-- Opening Marker --

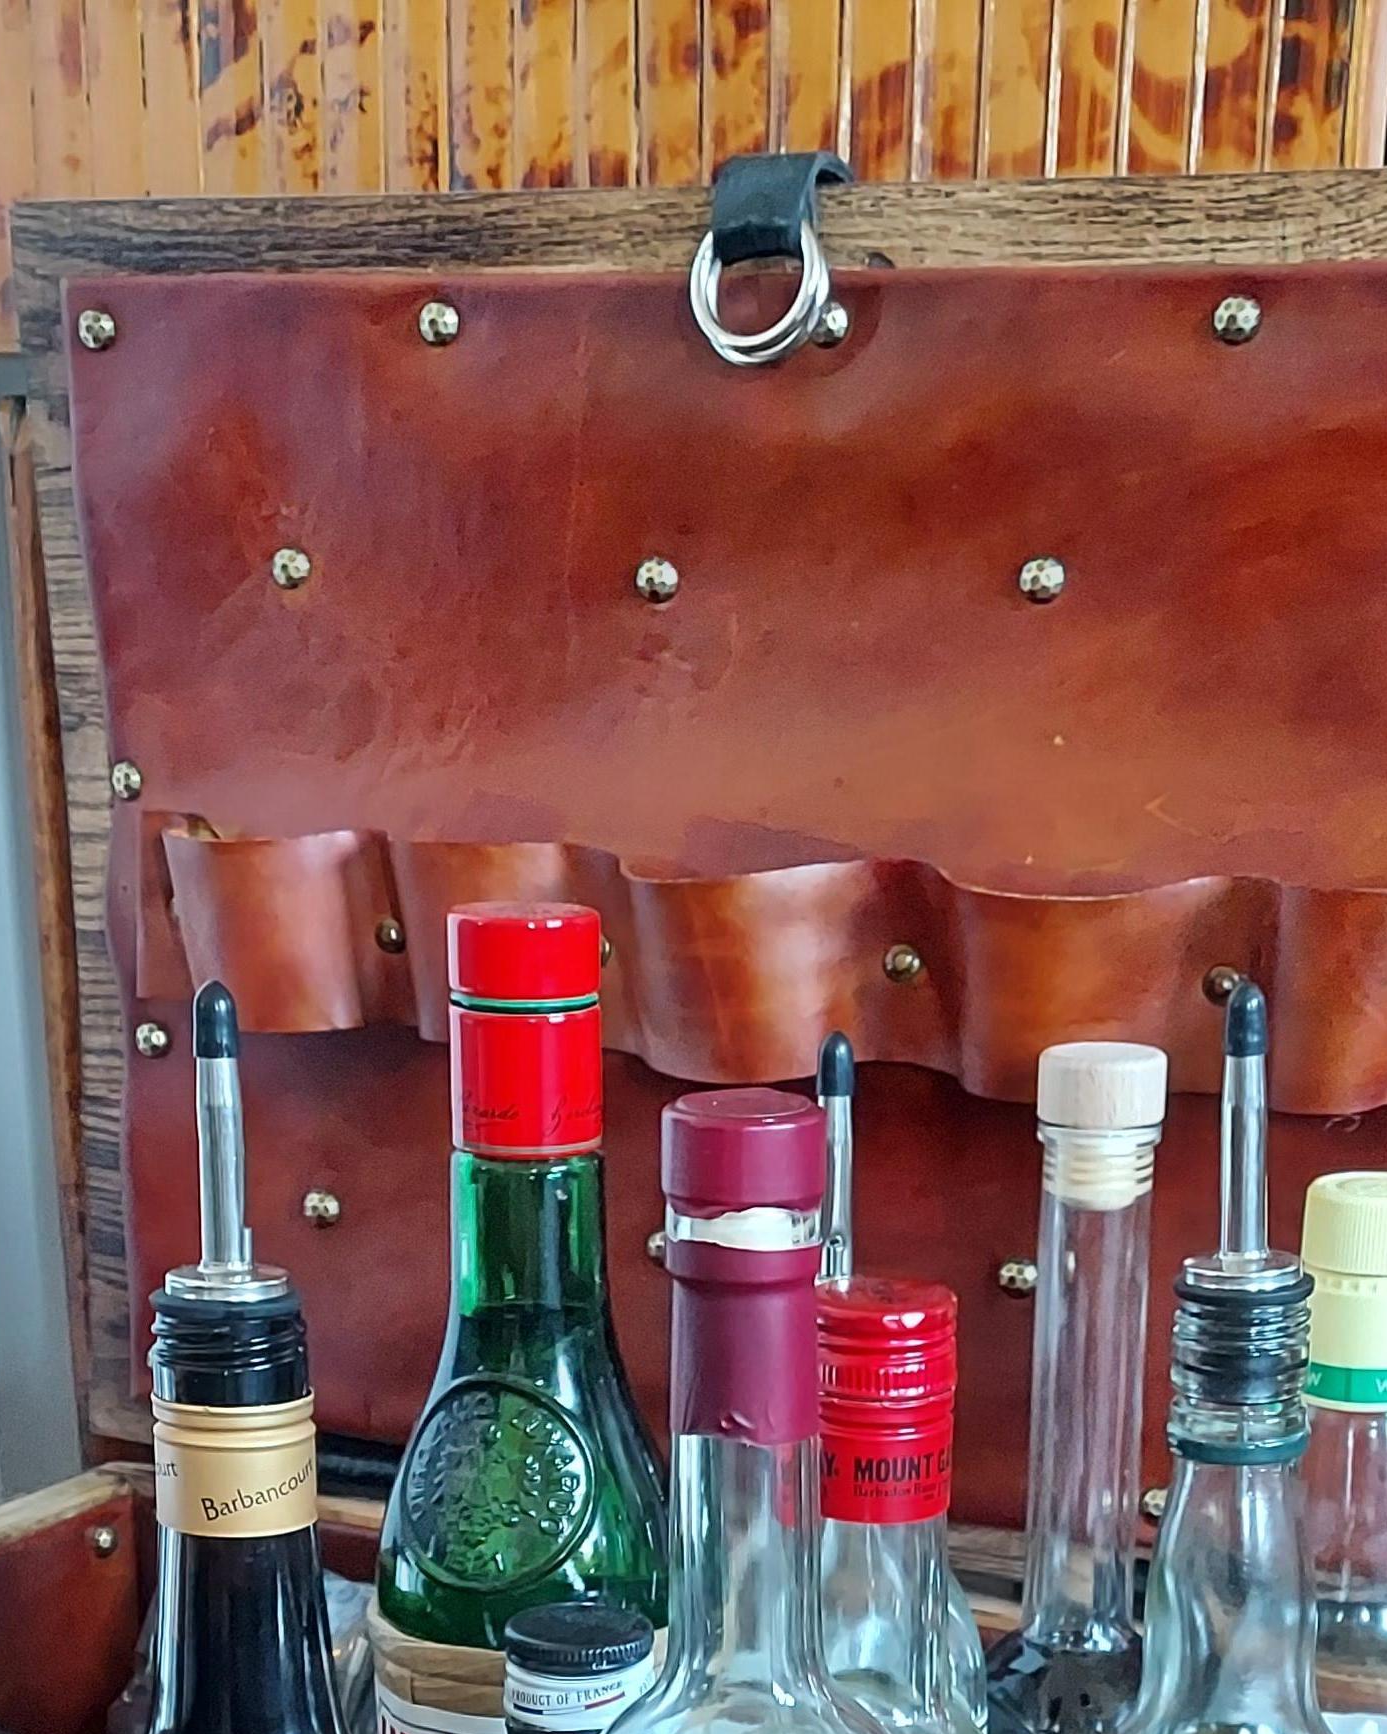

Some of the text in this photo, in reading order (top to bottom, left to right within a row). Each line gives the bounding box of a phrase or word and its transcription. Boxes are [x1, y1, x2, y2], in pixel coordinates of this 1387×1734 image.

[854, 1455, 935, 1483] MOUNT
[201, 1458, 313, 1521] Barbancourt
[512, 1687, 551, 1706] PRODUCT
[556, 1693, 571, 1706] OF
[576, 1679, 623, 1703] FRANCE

-- Closing Marker --

> _EXERCISE_
Write every line above out again exactly; pictures do not belong in the copy.

> _ANSWER TO THIS TASK_
Some of the text in this photo, in reading order (top to bottom, left to right within a row). Each line gives the bounding box of a phrase or word and its transcription. Boxes are [x1, y1, x2, y2], in pixel coordinates of this 1387×1734 image.

[854, 1455, 935, 1483] MOUNT
[201, 1458, 313, 1521] Barbancourt
[512, 1687, 551, 1706] PRODUCT
[556, 1693, 571, 1706] OF
[576, 1679, 623, 1703] FRANCE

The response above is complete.